Mês passado, eu usei esse espaço pra contar a minha relação pessoal e íntima com a música e como algumas são tão importantes a ponto de serem trilhas sonoras pra acontecimentos da minha vida. Na verdade, o SabadOFF existe exatamente pra eu falar de coisas que eu gosto fora dessa esfera do pop asiático, mas, na maioria das vezes, tudo se resume à música pra mim, porque eu sempre deixo algo tocando de fundo, não importa se é um álbum novo ou uma faixa que eu já escutei 300 vezes (como aconteceu essa semana quando relembrei essa pérola aqui). Então, pra edição de agosto, resolvi tomar um dos períodos da minha vida como tema e discorrer sobre ele.
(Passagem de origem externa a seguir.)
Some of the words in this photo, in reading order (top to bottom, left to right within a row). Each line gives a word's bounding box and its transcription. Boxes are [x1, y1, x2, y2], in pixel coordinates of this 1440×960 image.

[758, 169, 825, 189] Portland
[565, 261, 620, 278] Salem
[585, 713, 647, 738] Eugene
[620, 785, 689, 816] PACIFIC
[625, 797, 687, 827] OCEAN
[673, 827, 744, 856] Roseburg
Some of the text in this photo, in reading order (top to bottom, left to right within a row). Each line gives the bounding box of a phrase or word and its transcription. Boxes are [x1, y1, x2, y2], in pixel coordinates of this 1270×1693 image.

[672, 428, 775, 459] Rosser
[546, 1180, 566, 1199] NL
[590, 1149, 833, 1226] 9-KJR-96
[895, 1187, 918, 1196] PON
Naquele post, eu falo sobre como meus 13 anos foram, de alguma forma, revolucionários. Foi nessa época que eu realmente passei a descobrir música por conta própria, correndo atrás, pesquisando, sem influência do meu pai ou da televisão. Eu era bem nerdzinha idiota nesse aspecto, me achava uma enciclopédia musical e gostava muito de punk, a ponto de pedir pros meus pais me matricularem numa escola de música pra aprender a tocar baixo (que doideira né, a gente mal tinha dinheiro pra pagar as contas). Quando paro pra processar essa parte do meu passado, apesar de todo o mal que aconteceu, me bate uma saudade da ingenuidade que eu tinha de achar que eu sabia de tudo, principalmente quando o assunto era música.
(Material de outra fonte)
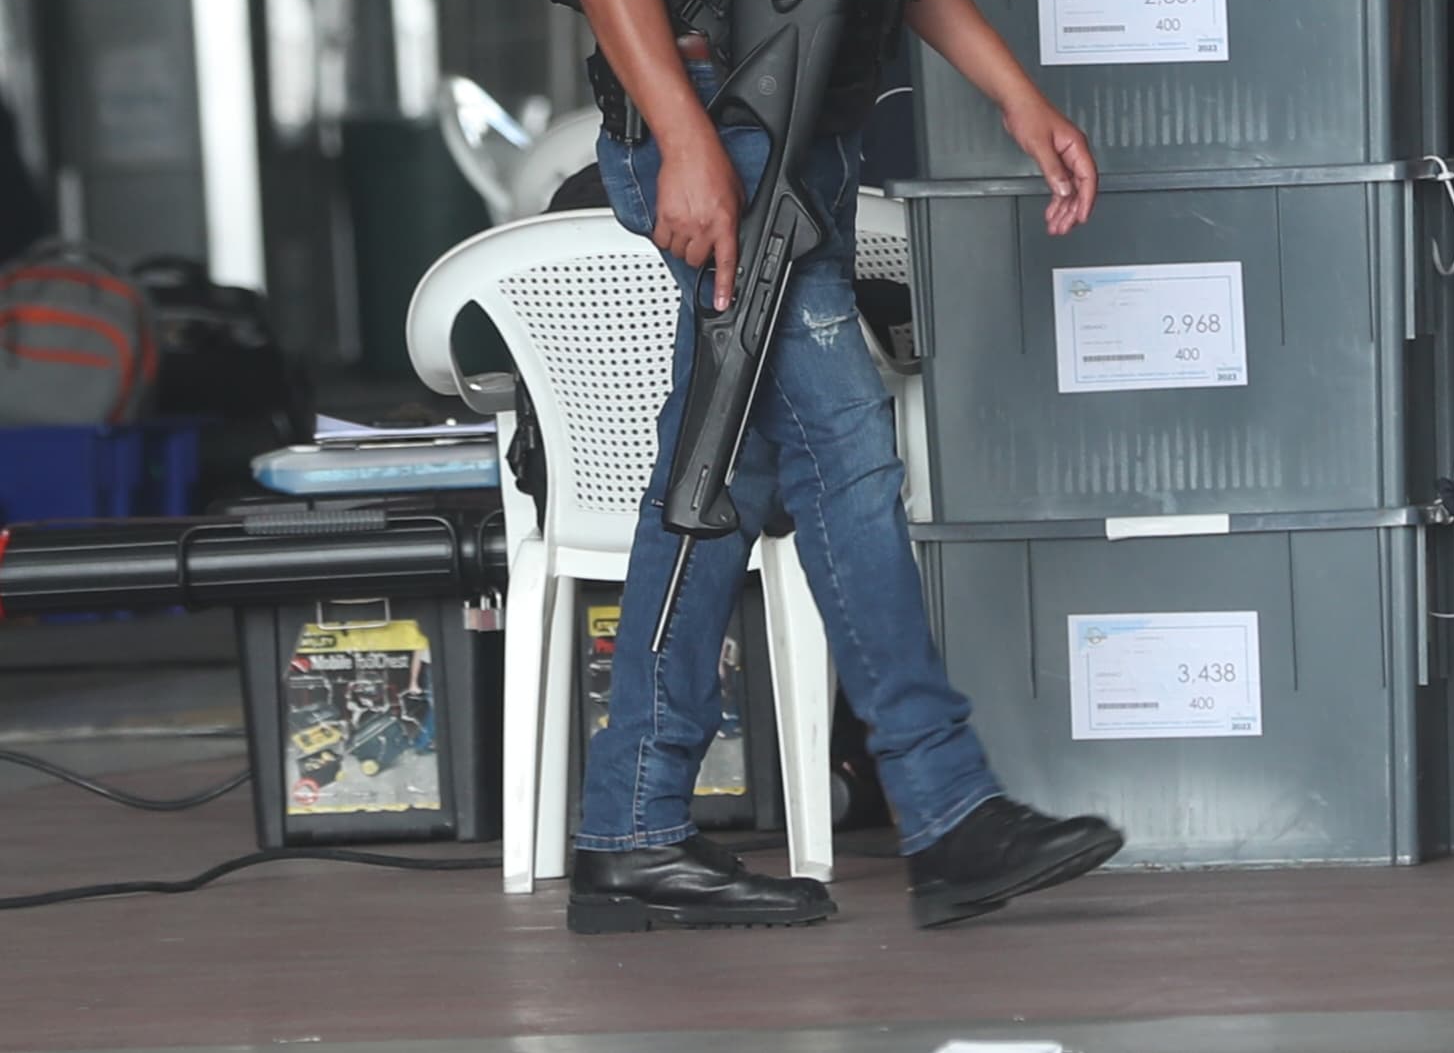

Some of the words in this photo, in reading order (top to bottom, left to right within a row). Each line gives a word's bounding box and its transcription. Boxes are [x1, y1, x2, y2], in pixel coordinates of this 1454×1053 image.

[1155, 17, 1181, 31] 400
[1162, 313, 1222, 335] 2,968
[1175, 347, 1200, 361] 400
[1177, 662, 1236, 684] 3,438
[1189, 696, 1215, 710] 400
Já tem uns 15 anos que eu não mexo nessas memórias musicais, então pra comemorar o marco importante (e aproveitando que agosto também tem o dia dos pais, já que foi meu pai o grande responsável pelo meu interesse no assunto), resolvi listar os meus dez álbuns preferidos do punk rock e seus derivados, porque é um gênero extremamente abrangente e meio que se refez ao longo dos anos, inclusive vivendo dias de “certa glória” enquanto eu adentrava minha adolescência (vocês vão perceber que nenhum álbum dessa época tá nessa lista). E, querendo ou não, foi essencial pra eu chegar até aqui.
10. Bad Religion – Stranger Than Fiction (1994)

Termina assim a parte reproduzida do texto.